**INSTRUCTIONS TO FOLLOW:** Starting from the line that holds "this 1625×1444 image.", print each remaining line of the entries exactly, ending with the last.

**RECORDS SUPPLIED:**
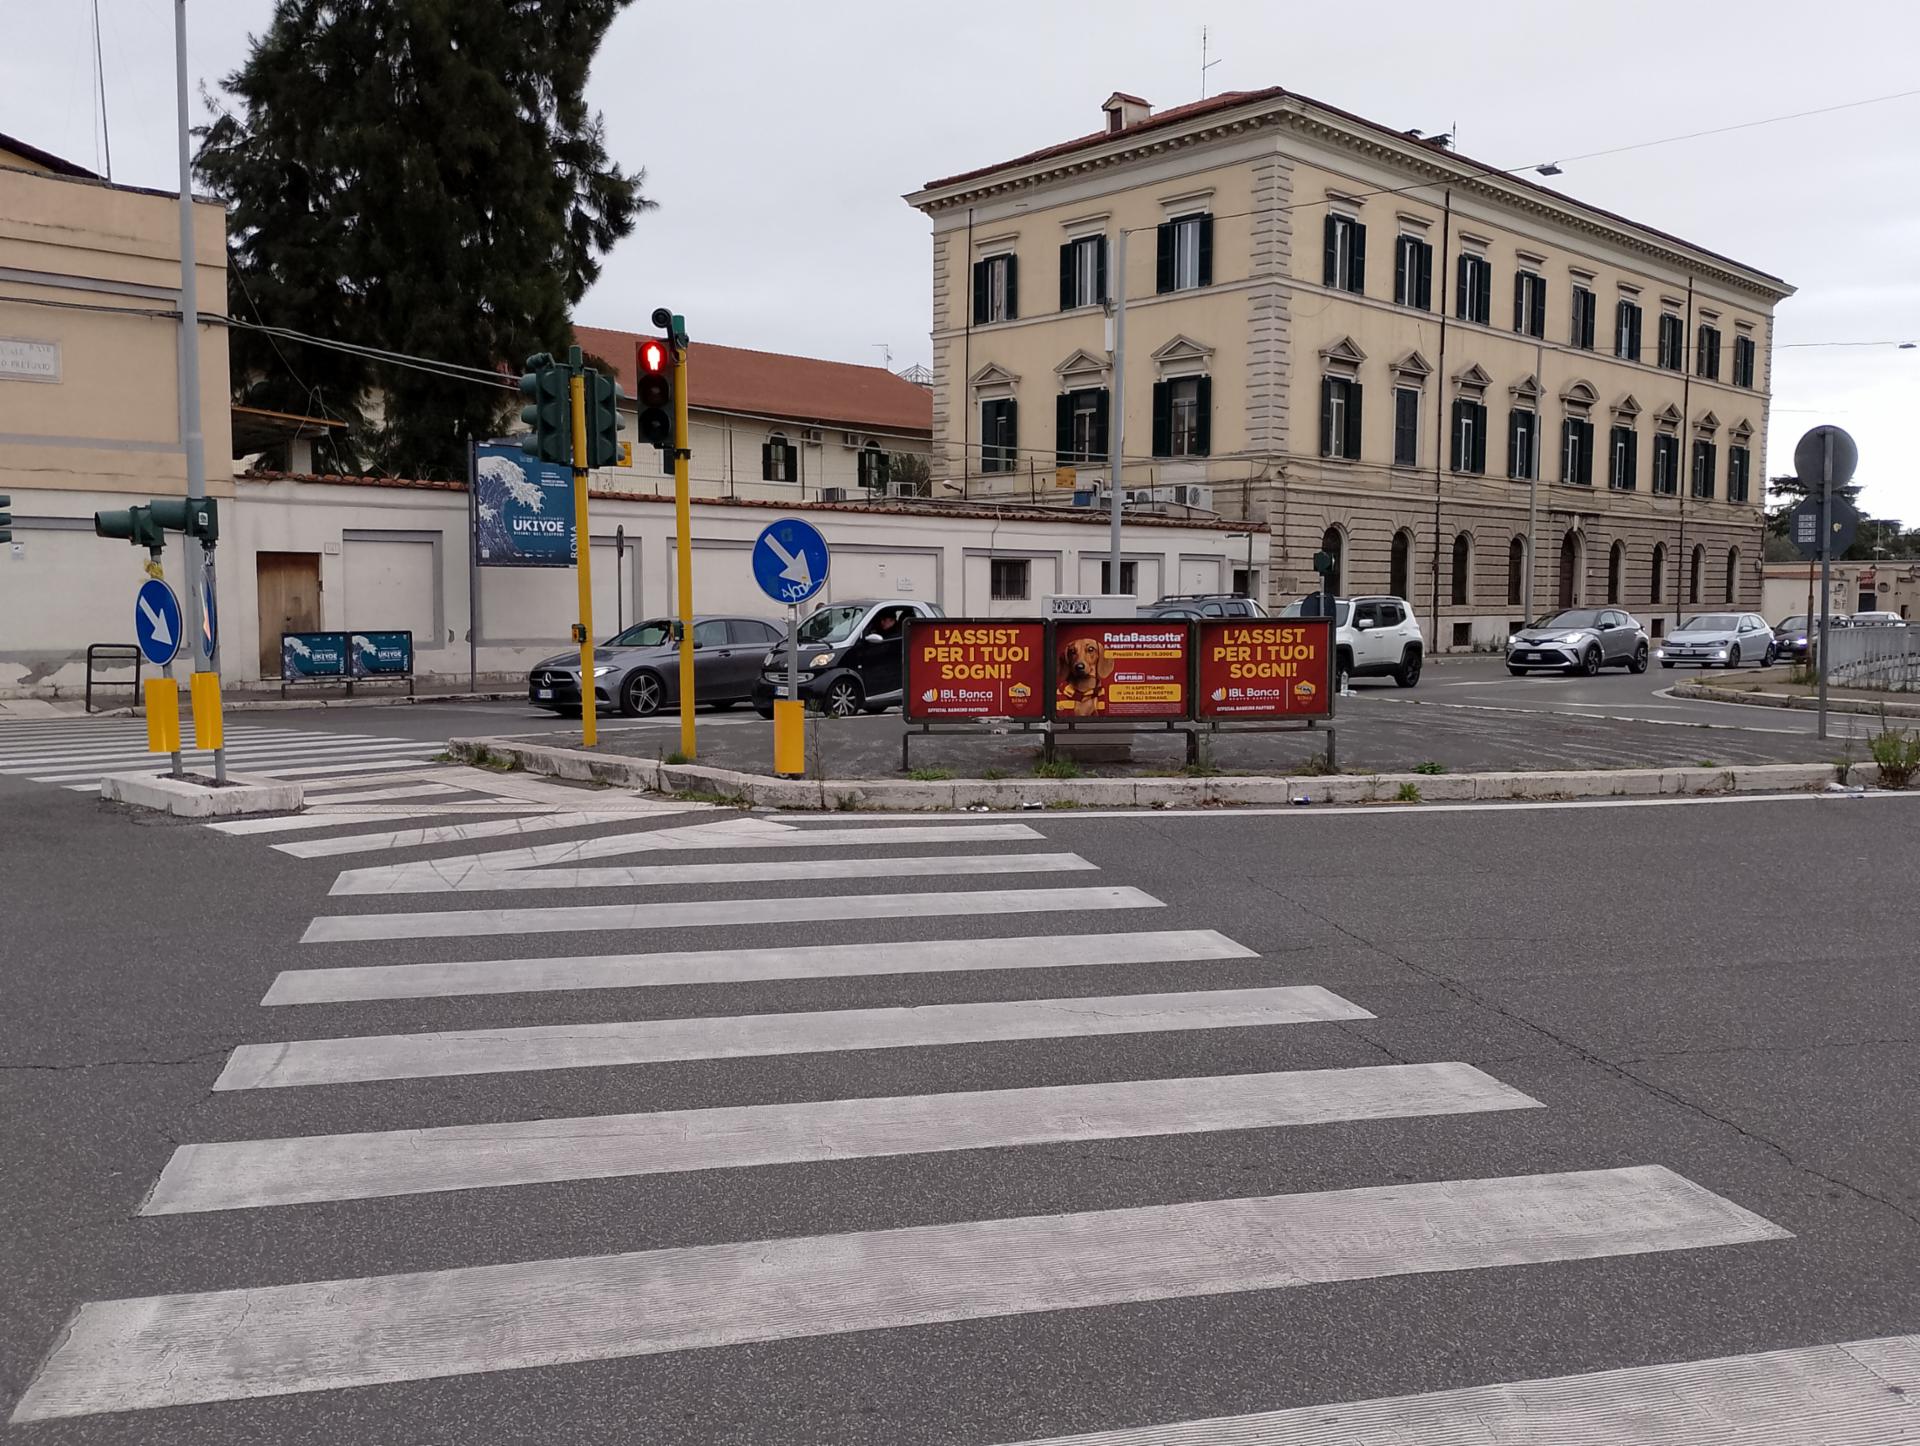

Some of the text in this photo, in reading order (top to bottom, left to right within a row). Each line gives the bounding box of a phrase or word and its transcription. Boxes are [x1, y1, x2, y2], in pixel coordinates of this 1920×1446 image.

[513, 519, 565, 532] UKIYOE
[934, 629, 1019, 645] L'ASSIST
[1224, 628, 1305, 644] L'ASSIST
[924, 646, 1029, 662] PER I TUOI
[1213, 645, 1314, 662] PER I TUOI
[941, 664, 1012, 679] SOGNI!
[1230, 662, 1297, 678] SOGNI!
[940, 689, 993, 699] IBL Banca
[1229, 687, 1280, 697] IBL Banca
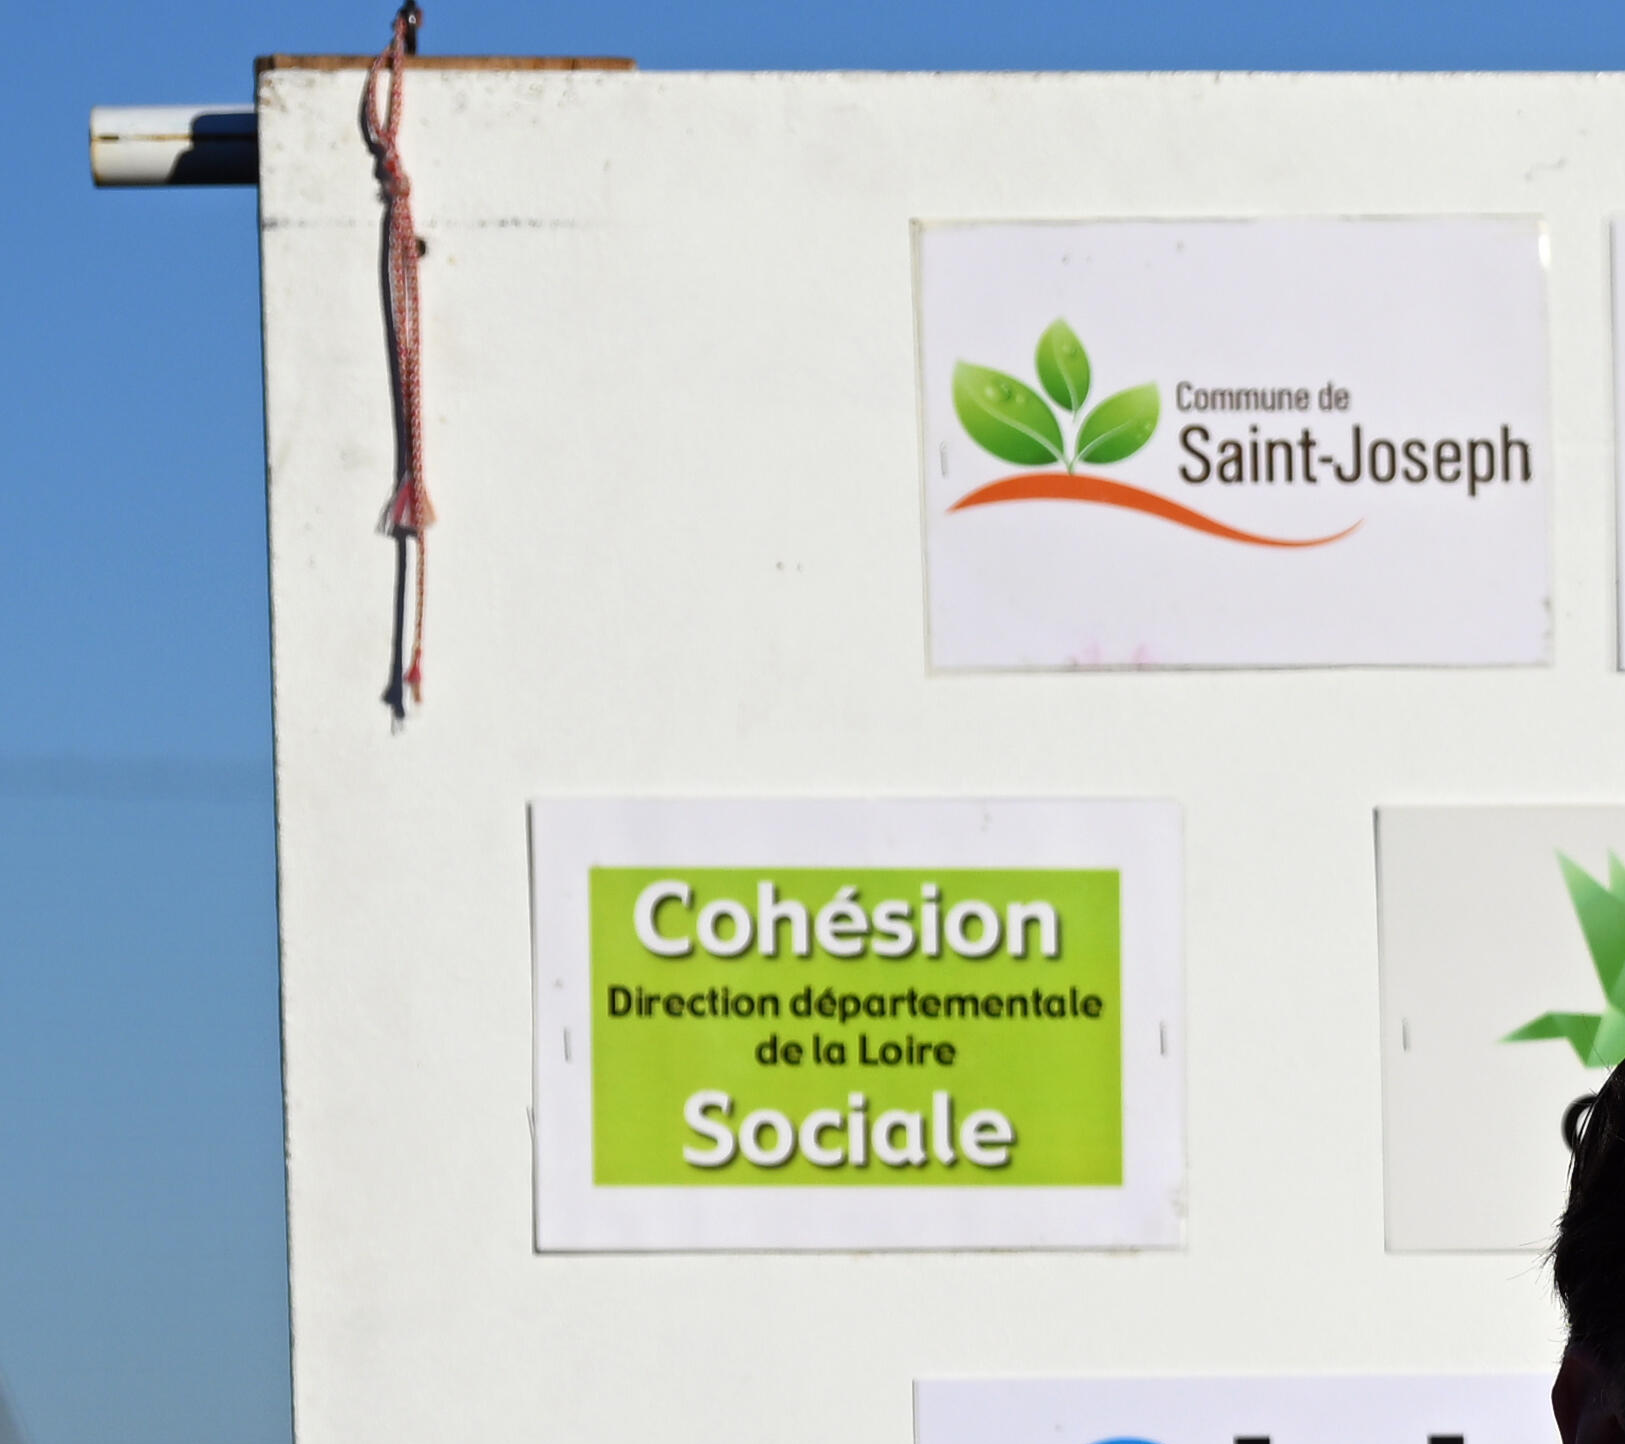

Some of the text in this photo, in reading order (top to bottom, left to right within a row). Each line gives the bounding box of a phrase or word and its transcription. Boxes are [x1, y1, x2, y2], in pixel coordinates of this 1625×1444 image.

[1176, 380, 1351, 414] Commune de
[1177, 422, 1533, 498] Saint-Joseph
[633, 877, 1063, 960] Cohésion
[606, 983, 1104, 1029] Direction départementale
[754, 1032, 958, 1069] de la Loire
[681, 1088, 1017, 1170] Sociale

**SOLVED PROBLEM:**
Some of the text in this photo, in reading order (top to bottom, left to right within a row). Each line gives the bounding box of a phrase or word and its transcription. Boxes are [x1, y1, x2, y2], in pixel coordinates of this 1625×1444 image.

[1176, 380, 1351, 414] Commune de
[1177, 422, 1533, 498] Saint-Joseph
[633, 877, 1063, 960] Cohésion
[606, 983, 1104, 1029] Direction départementale
[754, 1032, 958, 1069] de la Loire
[681, 1088, 1017, 1170] Sociale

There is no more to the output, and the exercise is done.